Ha, OAAS (optimisation as a service). I like it. That's the first time I've seen that idea.

Of course, if you standardise something based on say LLVM IR, that spins into the idea of a marketplace of competing optimisation services... -Ofastly versus -Ogoogle-optimizer-cloud ...

Sadly, I don't think it would be feasible to commercialise this. That doesn't mean there aren't amusing possibilities:

"Although -Omechanical-turk does produce very good code, most people cannot wait 3 weeks for that compiler pass to finish..."

sanxiyn · on April 8, 2013

A year ago, Paul Graham selected "optimisation as a service" as a startup idea. It's #6 in http://paulgraham.com/ambitious.html

xyzzy123 · on April 8, 2013

Oh, so it is!

The reasons I wasn't convinced a web-service-based IL optimisation pass would be commercially viable were: loss of determinism in compilation, the law of diminishing returns (throwing 10x effort might generally give only a few percentage points gain), and the idea of parts of the compiler literally being a black box being unpalatable to a lot of people. Also, IP and confidentiality concerns.

OTOH PG's idea was slightly different; it reads to me like he's talking about something that starts with source code.

Houshalter · on April 8, 2013

Now run the superoptimizer on itself (or at least parts of it.) Yes I realize this would quickly hit a point of diminishing returns since it would only try to create code that produces the exact same output, not novel code that produces even better output, but it's still an interesting idea to think about.

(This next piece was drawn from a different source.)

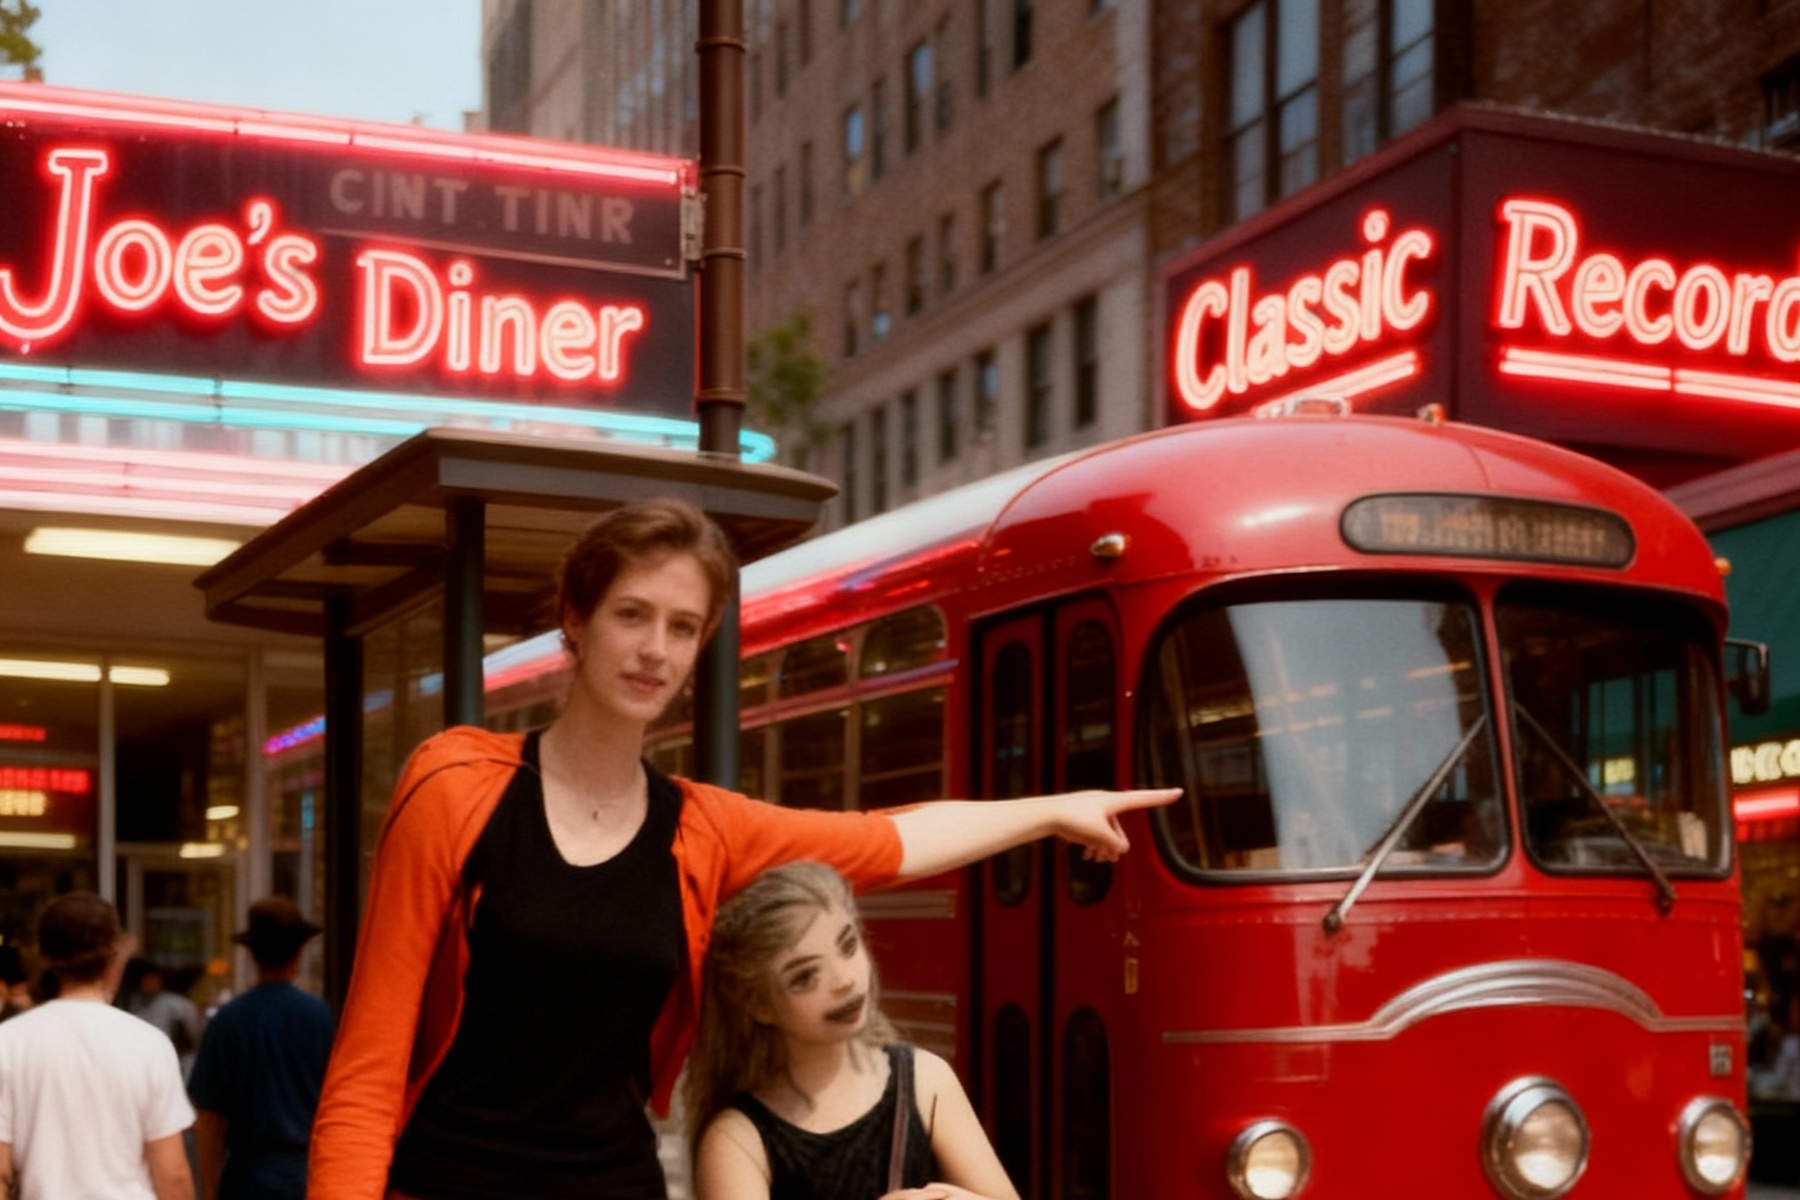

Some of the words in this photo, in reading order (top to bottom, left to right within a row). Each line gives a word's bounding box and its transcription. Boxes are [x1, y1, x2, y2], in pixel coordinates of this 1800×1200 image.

[0, 148, 318, 340] Joe's
[356, 250, 643, 380] Diner
[1176, 209, 1432, 410] Classic

And maybe you could judge the output code by it's utility rather than how closely it matches the output of the original algorithm, but that's a much harder problem.

Xcelerate · on April 8, 2013

(Warning! This is a long one!) This is a really intriguing concept. I've often daydreamed about writing something like this, but didn't have the time or expertise to go about attempting an implementation. It's so cool to see others doing this.

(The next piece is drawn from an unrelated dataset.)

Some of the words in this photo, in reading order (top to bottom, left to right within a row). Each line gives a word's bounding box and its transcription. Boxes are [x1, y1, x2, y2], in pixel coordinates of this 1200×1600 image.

What would be really cool with these optimizers is if the stored databases of "patterns" could be shared. In other words, if the optimizer stumbles across a particularly excellent implementation of a particular code goal, it would be uploaded to a central database and cached for reuse and further mutation. People all around the world would be working from, and contributing to, one giant database of randomly discovered optimization techniques.

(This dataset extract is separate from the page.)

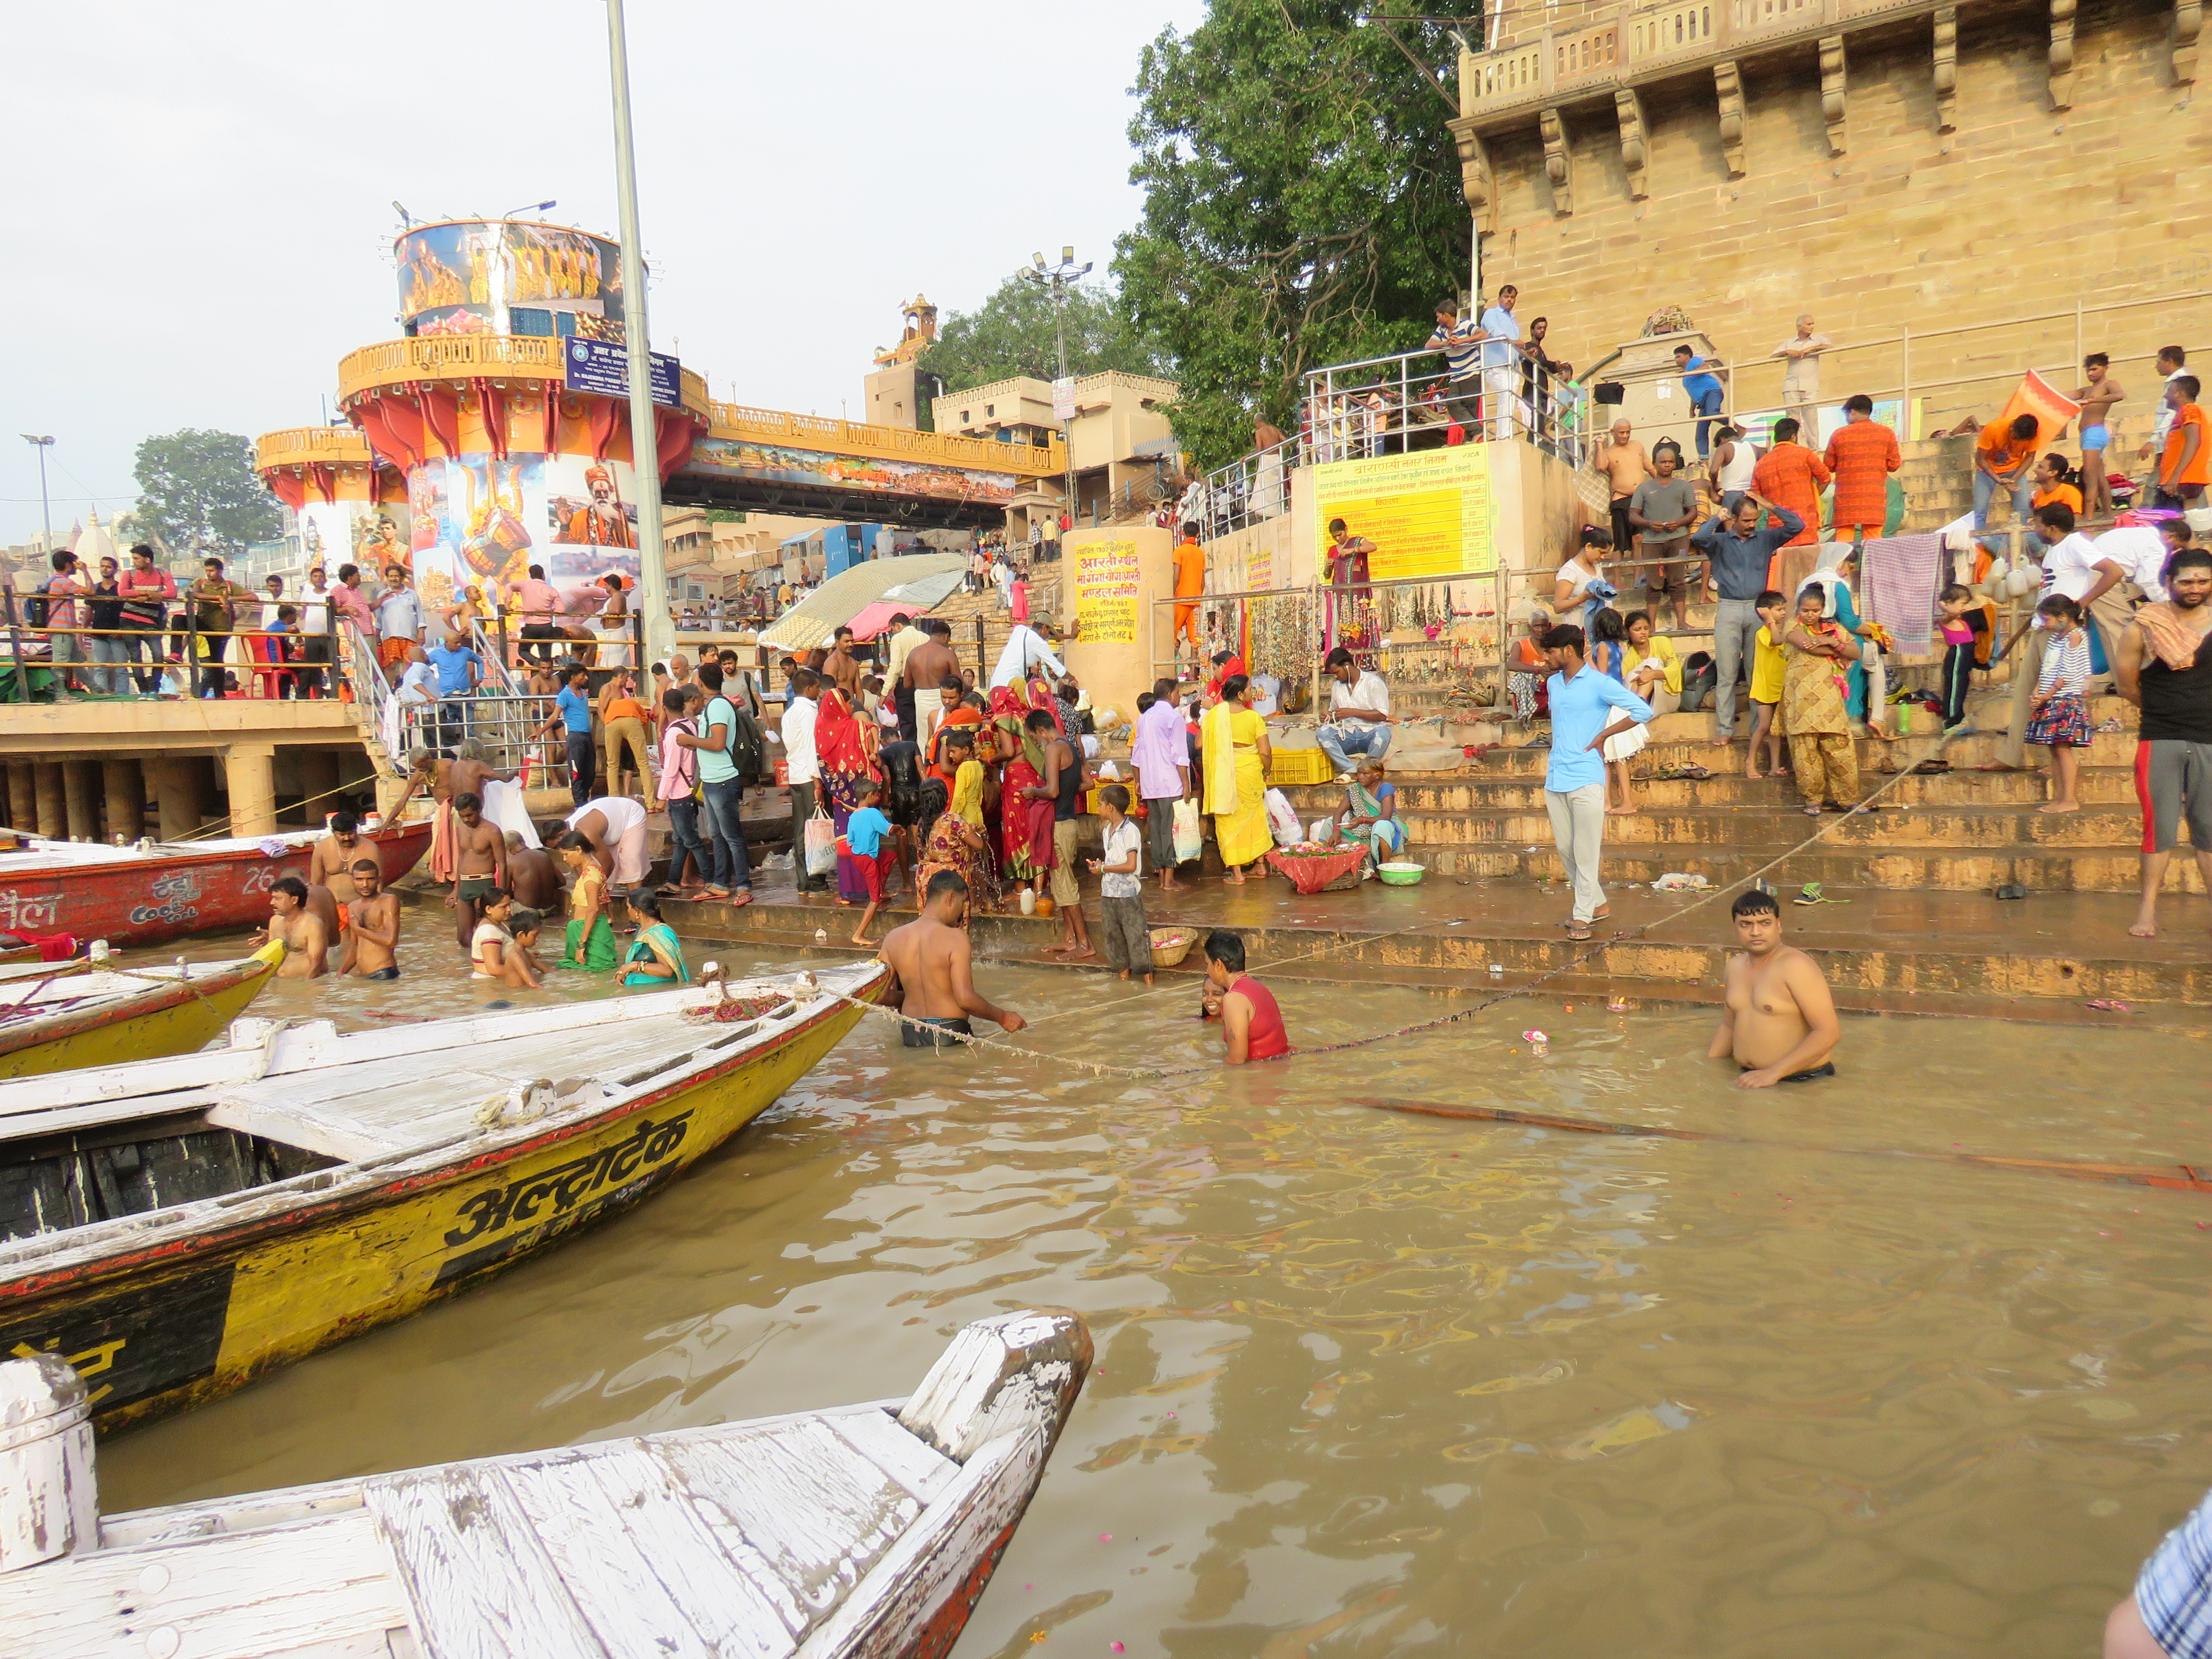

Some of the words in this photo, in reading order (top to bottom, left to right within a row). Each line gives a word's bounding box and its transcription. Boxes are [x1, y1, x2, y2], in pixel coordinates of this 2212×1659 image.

As a field of study, I also feel like stochastic optimization has a huge potential for improvement over the coming years. Recently, I had the problem of trying to space equally-sized spheres as far apart from each other as I could -- in other words, if I have 361 points that I'm putting in a box, I want the minimum distance between two points to be maximized (this is the fitness function).

My first attempt was to give each point a "charge" and attempt a little electrostatic simulation. This didn't work that well, for various reasons. After stumbling around for a while, I decided to attempt a genetic mutation algorithm. I had never written anything like this before, but I thought it would be fun to give it a go.

Initially, my program randomly placed points in the box. Then, for each point, it finds its nearest neighbor and computes the distance to it. I then take the average of all these distances, so I essentially have the mean nearest neighbor distance. On the next iteration, all points less than this mean value are perturbed. The process is repeated until no random perturbations produce improvement.

This worked alright, but it needed more. I kept modifying my program, but in the process of modifying it, I introduced a bug that somehow actually made the code the converge to a larger minimum distance (which is the goal). Inspecting my code, I realized the source of the "error": in the process of computing the distance between a point and its nearest neighbor, I was setting an initial "minimum" distance, which was supposed to be infinity. As closer distances were found, the infinity was replaced, so eventually it ends up with the closest distance. Well, it turns out that instead of infinity, I had been setting it to something like 10 (for a 100^3 box). So if the nearest neighbor distance was larger than 10, it was still a value of 10 that was contributing to the mean NN distance!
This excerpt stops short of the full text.